1. Delete all namespaces from the cluster (apart from kube-system)
2. Delete the cluster
3. Delete the tagging lambda
4. Check manually in AWS that all auxilary resources has been properly deleted (loadbalancers, volumes etc.)

Configuration

The main configuration of the cluster is in the variables in group_vars/all/vars.yaml. Following table shows the different options.

Option	Explanation	Example
cluster_name	Name of the cluster which should be created. The name should be DNS compatible. It will be used to name different resources etc.	my-k8s-cluster
kubeconfig_file	Where should the kubectl configuration downloaded.	~/.kube/my-k8s-cluster-config
tags	A dictionary with different tags which should be used for resources. The tags have to full fill the DBG requirements.
ssh_public_key	Path to the public part of the SSH key, which should be used for the SSH access to the Kubernetes hosts	~/.ssh/id_rsa.pub
ssh_private_key	Path to the private part of the SSH key, which should be used for the SSH access to the Kubernetes hosts	~/.ssh/id_rsa
ssh_cidr	A CIDR from which SSH access is allowed	172.35.0.0/16
api_cidr	A CIDR from which Kubernetes API access is allowed	172.35.0.0/16
aws_region	AWS region where the cluster should be installed.	eu-west-1
aws_zones	List of availability zones in which the cluster should be installed.	eu-west-1a
vpc_id	ID of the existing Amazon AWS VPC where the cluster should be placed.	vpc-9694d3fe
subnet_id	ID of the existing Amazon AWS subnet where the cluster should be placed.	subnet-ca9cdca2
dns_zone	Hosted DNS zone which has to exist in Route53	dev.dbgcloud.io
elb_hosted_zone	The hosted zone in which the aliased ELB load balancers are hosted (should be dependent on the AWS region)	Z32O12XQLNTSW2
ec2_instance_type	EC2 size of the nodes used as workers.	t2.medium
ec2_disk_size	Disk size for the EC2 instances (in GB).	40
kubernetes_node_count	Number of EC2 worker hosts.	2
kubernetes_network	Defines which networking plugin should be used in Kubernetes.

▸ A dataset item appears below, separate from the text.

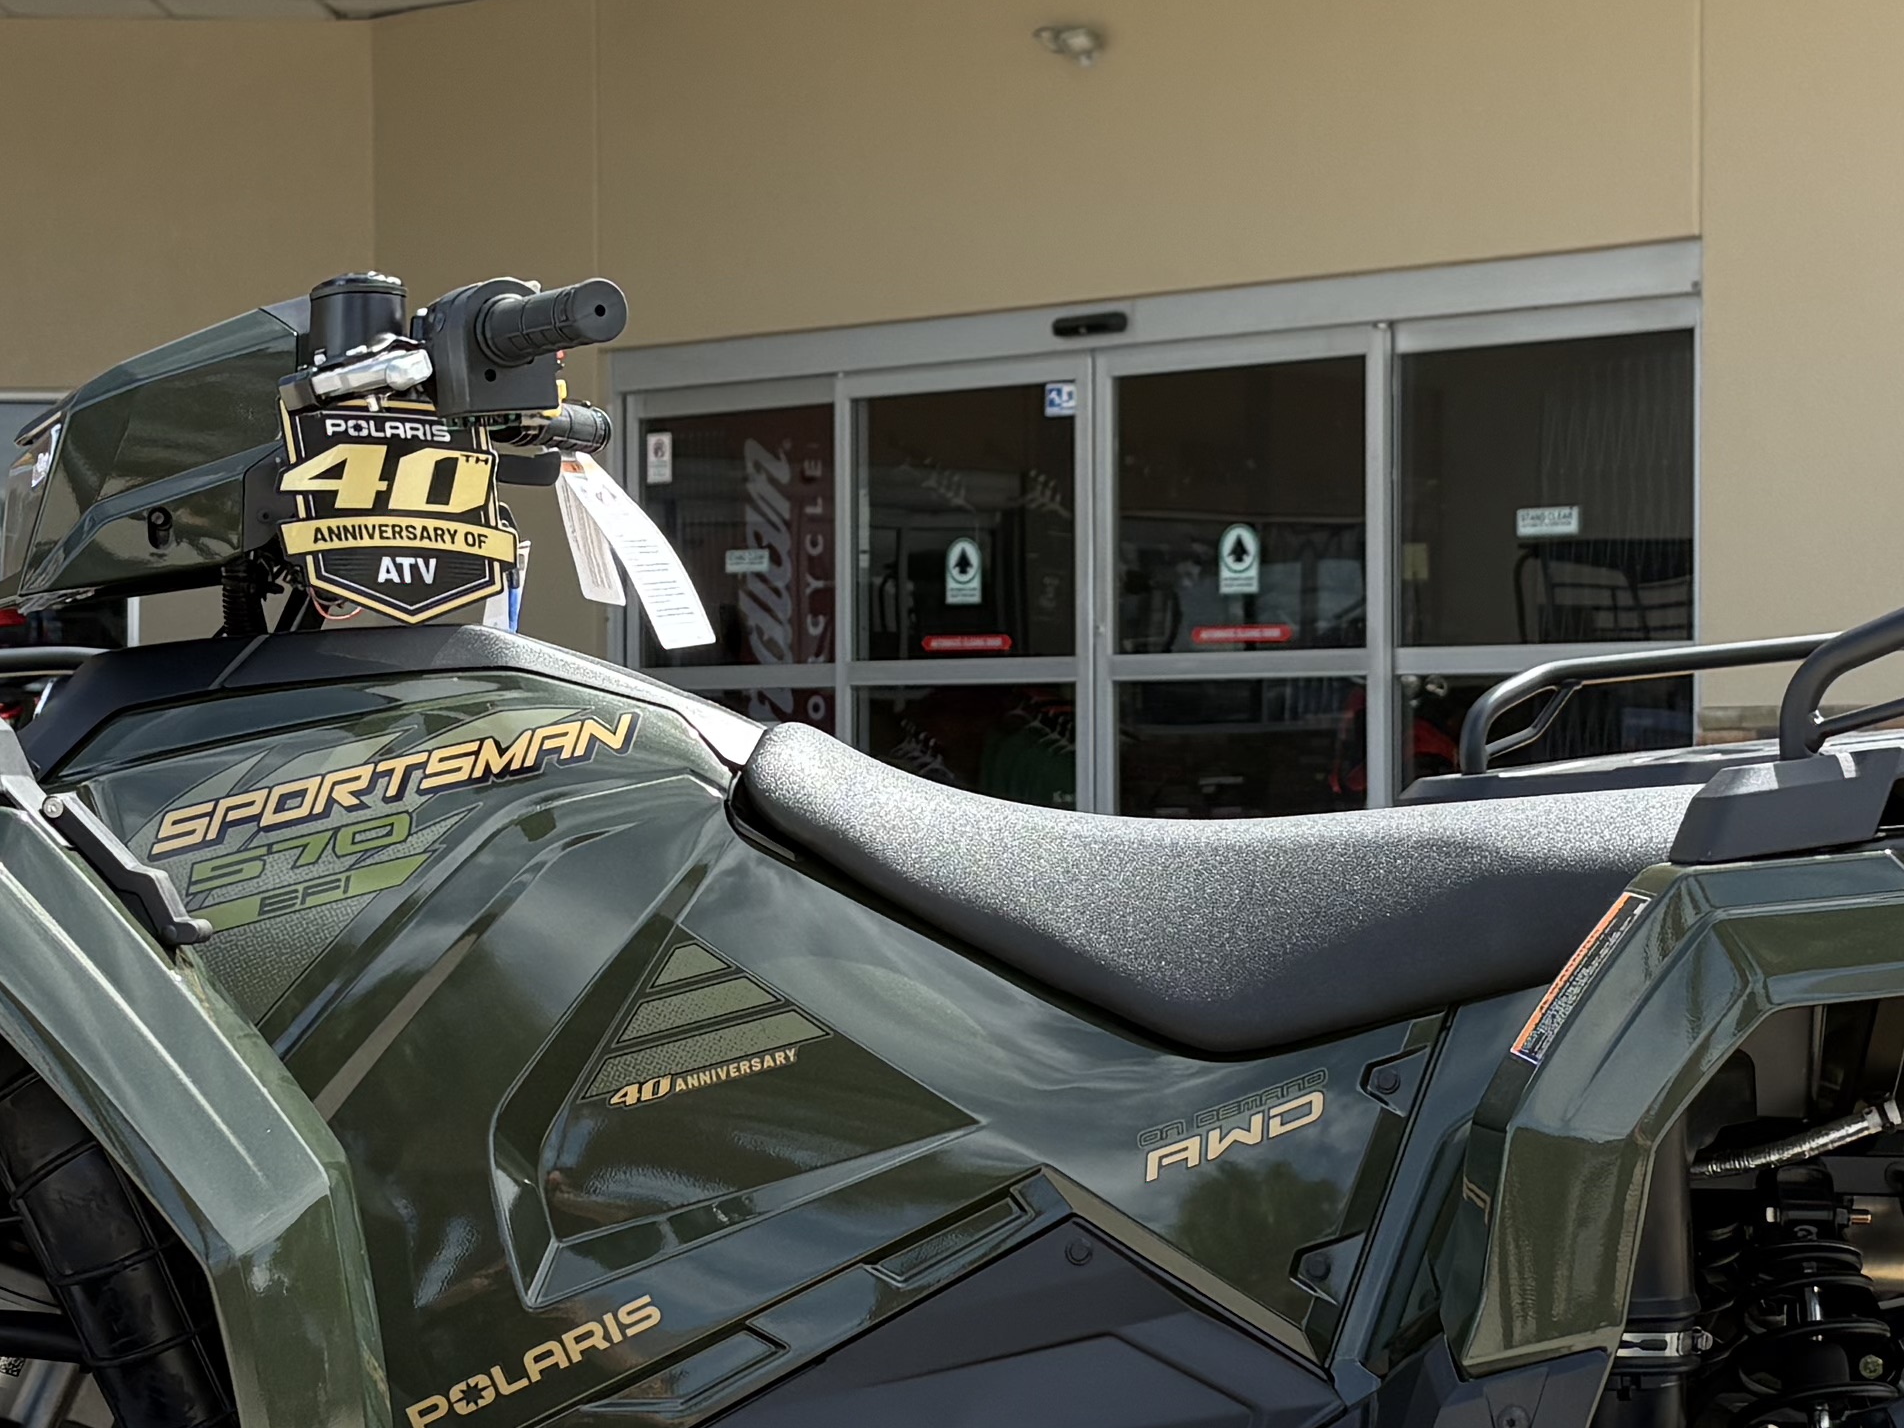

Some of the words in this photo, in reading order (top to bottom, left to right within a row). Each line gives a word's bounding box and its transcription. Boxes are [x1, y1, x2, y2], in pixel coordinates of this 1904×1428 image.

Tested with Calico only.	calico
template_url	DBG Role template URL used for the Cloud Formation stack
iam_prefix	DBG role / policy name prefix	DBG-DEV-

IAM roles

The IAM roles needed for the setup of this Kubernetes cluster can be created by running:

ansible-playbook create-roles.yaml

Because due to some useless security restrictions, we cannot delete the IAM roles and that makes the life complicated, this is a separate playbook instead of being part of the main playbook as would be more appropriate.

Create Kubernetes cluster

The Kubernetes cluster can be created by running

ansible-playbook create-cluster.yaml

Cluster creation will generate a CloudFormation template. IT will upload this template to a newly created bucket. IT will create a new EC2 KeyPair based on the specified SSH key. Afterwards it will create the Cloud Formation stack and execute it.

Use Kubernetes cluster

The cluster can be accessed via kubctl. A configfile is created during the setup. It can be advertised to kubectl via environment variable:

export KUBECONFIG=~/.kube/config-wk359-k8s-qs
kubectl cluster-info  

Delete Kubernetes cluster

To delete the cluster run

ansible-playbook delete-cluster.yaml

This will delete the CloudFormation stack, the resources it created, the SSH key and the S3 bucket.

Add-ons

Currently, the supported add-ons are:

• Kubernetes dashboard
• Heapster for resource monitoring
• Storage class for automatic provisioning of persisitent volumes

To install the add-ons run

ansible-playbook addons.yaml

Ingress

Ingress can be used route inbound traffic from the outside of the Kubernetes cluster. It can be used for SSL termination, virtual hosts, load balancing etc. For more details about ingress, go to Kubernetes website.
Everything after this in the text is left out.